Transcribe the listing exactly; drop the images.

### Data
+++++

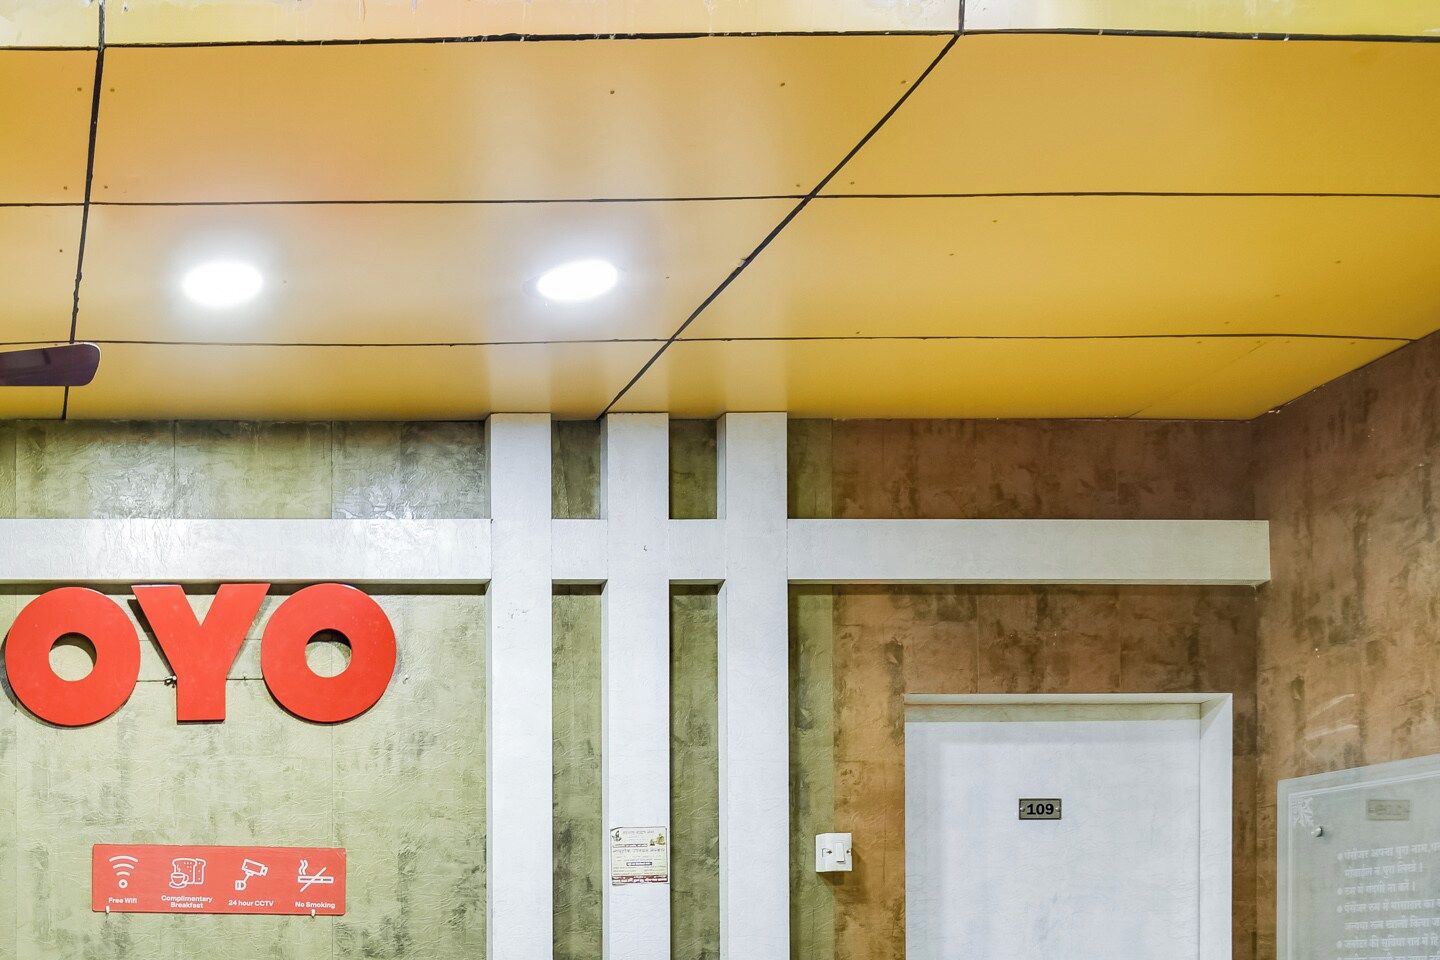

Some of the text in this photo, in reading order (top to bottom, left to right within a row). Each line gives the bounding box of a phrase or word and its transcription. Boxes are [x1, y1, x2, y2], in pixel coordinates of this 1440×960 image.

[4, 583, 397, 727] OYO
[1026, 803, 1055, 815] 109
[108, 896, 124, 904] Free
[161, 894, 213, 903] Complimentary
[305, 901, 336, 909] Smoking
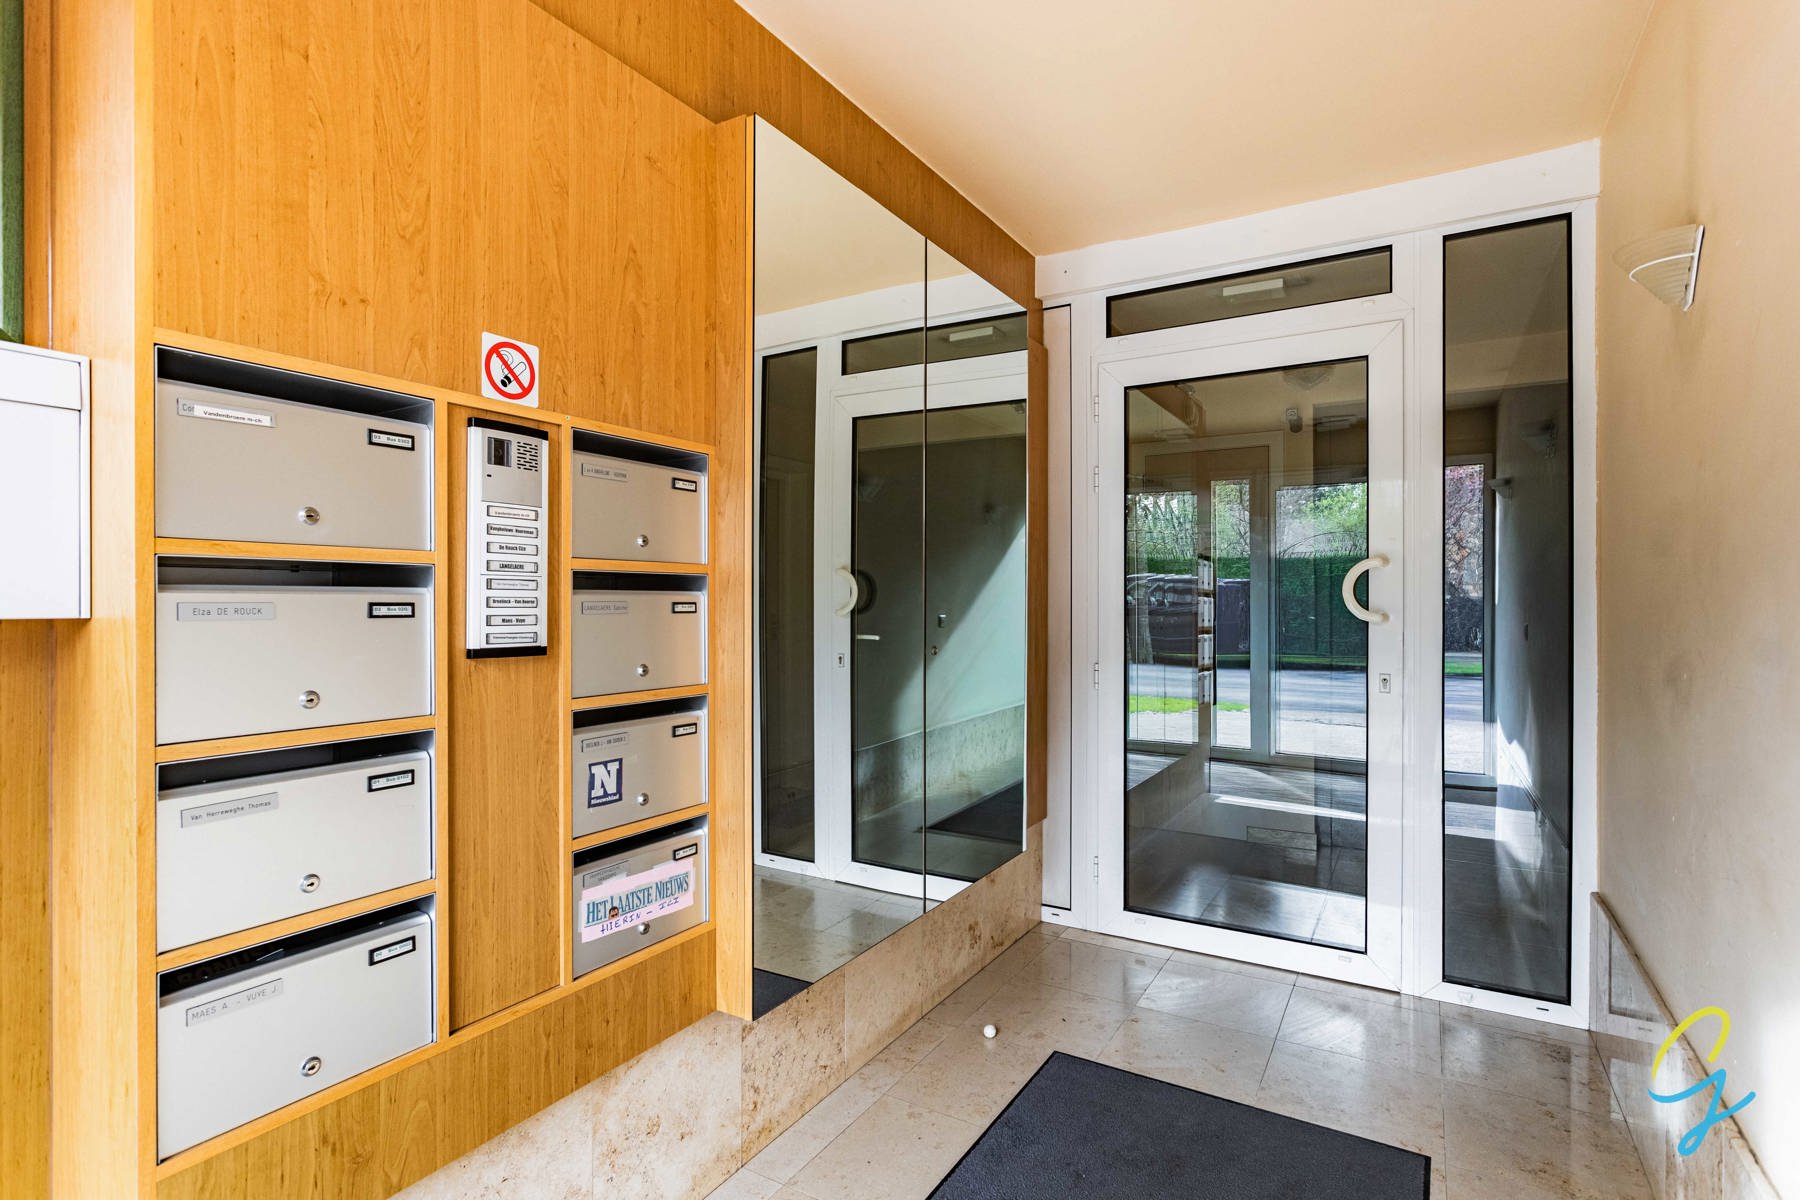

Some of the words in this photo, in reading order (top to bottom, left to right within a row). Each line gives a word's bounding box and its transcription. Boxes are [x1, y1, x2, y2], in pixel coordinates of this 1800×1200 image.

[192, 608, 212, 616] Elza
[217, 608, 228, 616] DE
[234, 608, 262, 616] ROUCK
[591, 761, 620, 798] N
[248, 801, 272, 809] Thomas
[590, 793, 620, 805] Nieuwsblad
[586, 899, 608, 924] HET
[655, 873, 689, 902] NIEUWS
[600, 912, 641, 934] HIERIN
[191, 1006, 217, 1020] MAES

+++++

### Answer box
Some of the text in this photo, in reading order (top to bottom, left to right within a row). Each line gives the bounding box of a phrase or word and its transcription. Boxes are [x1, y1, x2, y2], in pixel coordinates of this 1440×960 image.

[4, 583, 397, 727] OYO
[1026, 803, 1055, 815] 109
[108, 896, 124, 904] Free
[161, 894, 213, 903] Complimentary
[305, 901, 336, 909] Smoking

Some of the words in this photo, in reading order (top to bottom, left to right within a row). Each line gives a word's bounding box and its transcription. Boxes are [x1, y1, x2, y2], in pixel coordinates of this 1800×1200 image.

[192, 608, 212, 616] Elza
[217, 608, 228, 616] DE
[234, 608, 262, 616] ROUCK
[591, 761, 620, 798] N
[248, 801, 272, 809] Thomas
[590, 793, 620, 805] Nieuwsblad
[586, 899, 608, 924] HET
[655, 873, 689, 902] NIEUWS
[600, 912, 641, 934] HIERIN
[191, 1006, 217, 1020] MAES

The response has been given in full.